━━━━━ Records for the task ━━━━━

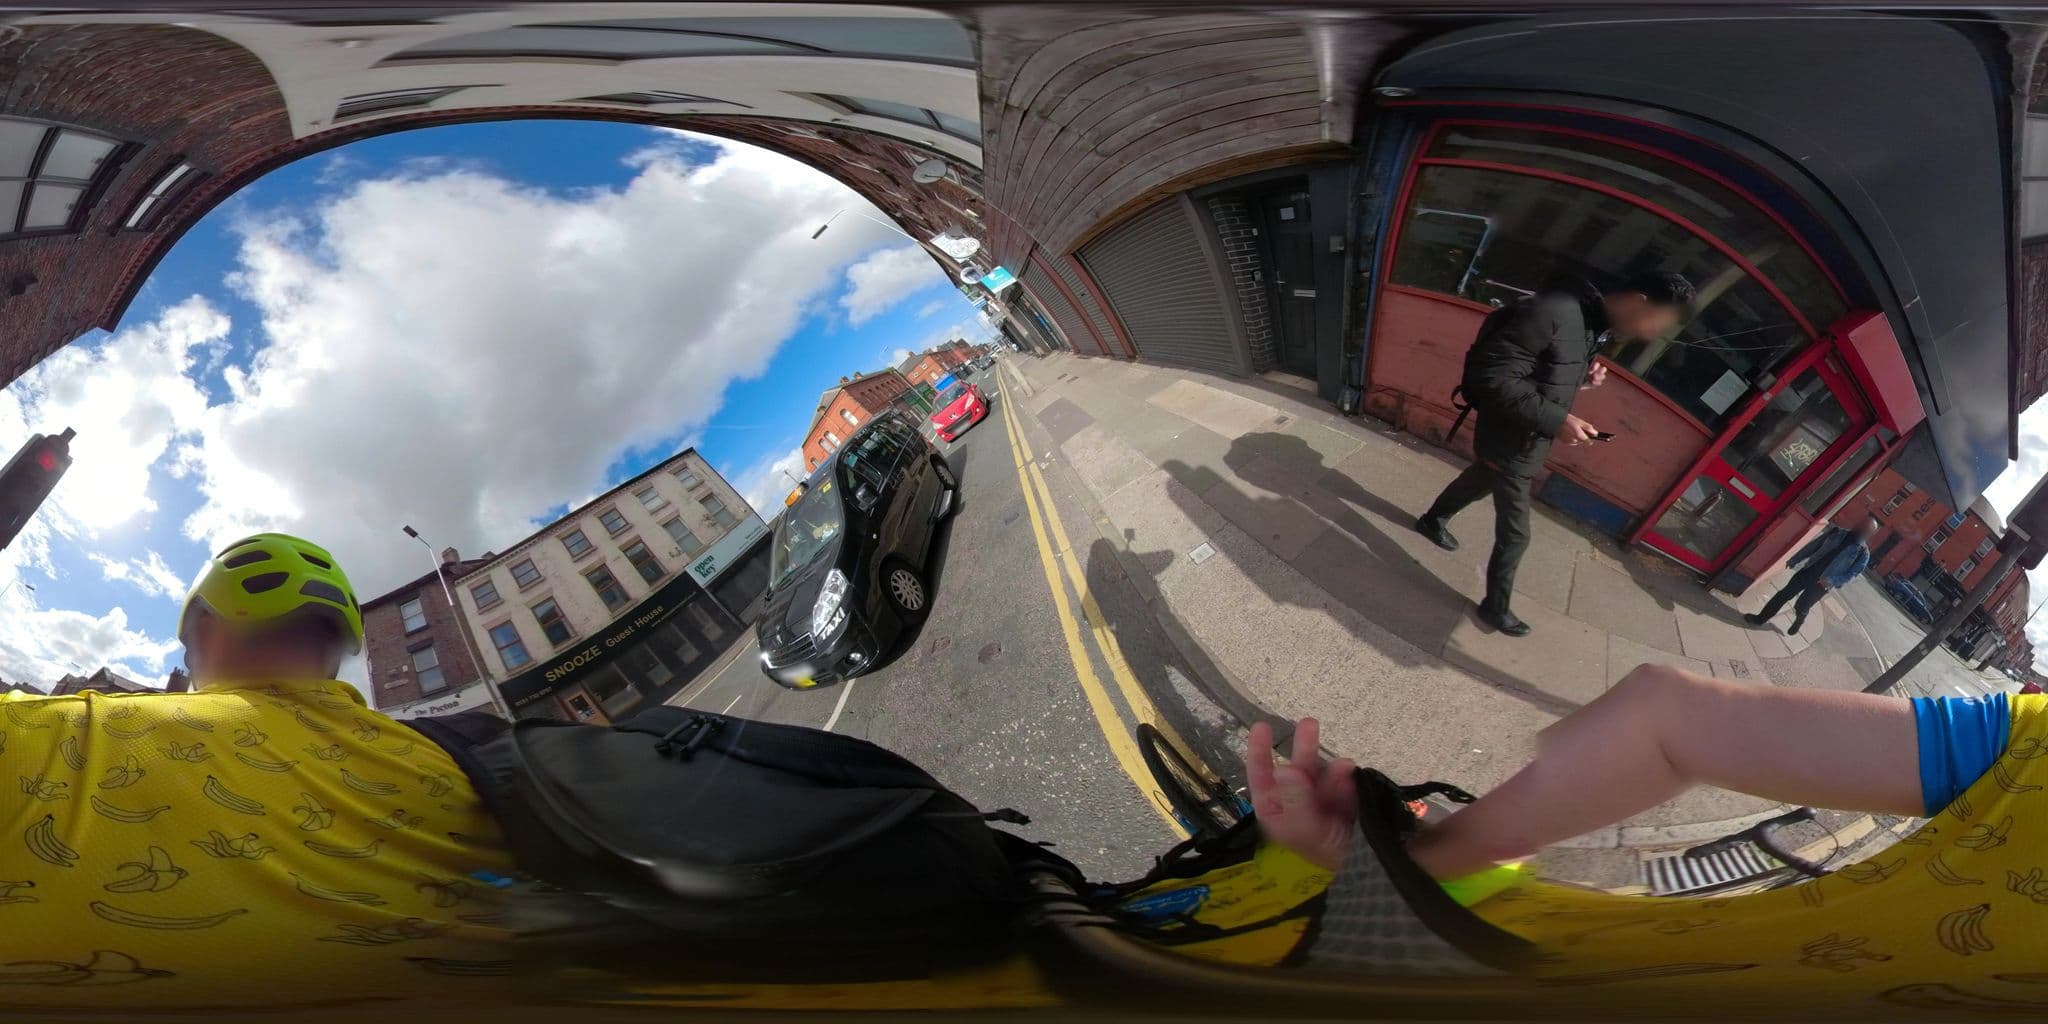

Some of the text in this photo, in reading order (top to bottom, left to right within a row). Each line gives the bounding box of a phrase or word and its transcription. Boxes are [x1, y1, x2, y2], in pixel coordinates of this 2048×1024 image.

[694, 555, 715, 573] open
[699, 562, 716, 578] key
[820, 606, 846, 640] TAXI
[545, 644, 602, 682] SNOOZE
[605, 624, 635, 648] Guest
[634, 605, 664, 628] House
[430, 700, 460, 714] Picton

━━━━━

What this task involves - Leave the images out and transcribe the remaining data above word for word.

Response -
Some of the text in this photo, in reading order (top to bottom, left to right within a row). Each line gives the bounding box of a phrase or word and its transcription. Boxes are [x1, y1, x2, y2], in pixel coordinates of this 2048×1024 image.

[694, 555, 715, 573] open
[699, 562, 716, 578] key
[820, 606, 846, 640] TAXI
[545, 644, 602, 682] SNOOZE
[605, 624, 635, 648] Guest
[634, 605, 664, 628] House
[430, 700, 460, 714] Picton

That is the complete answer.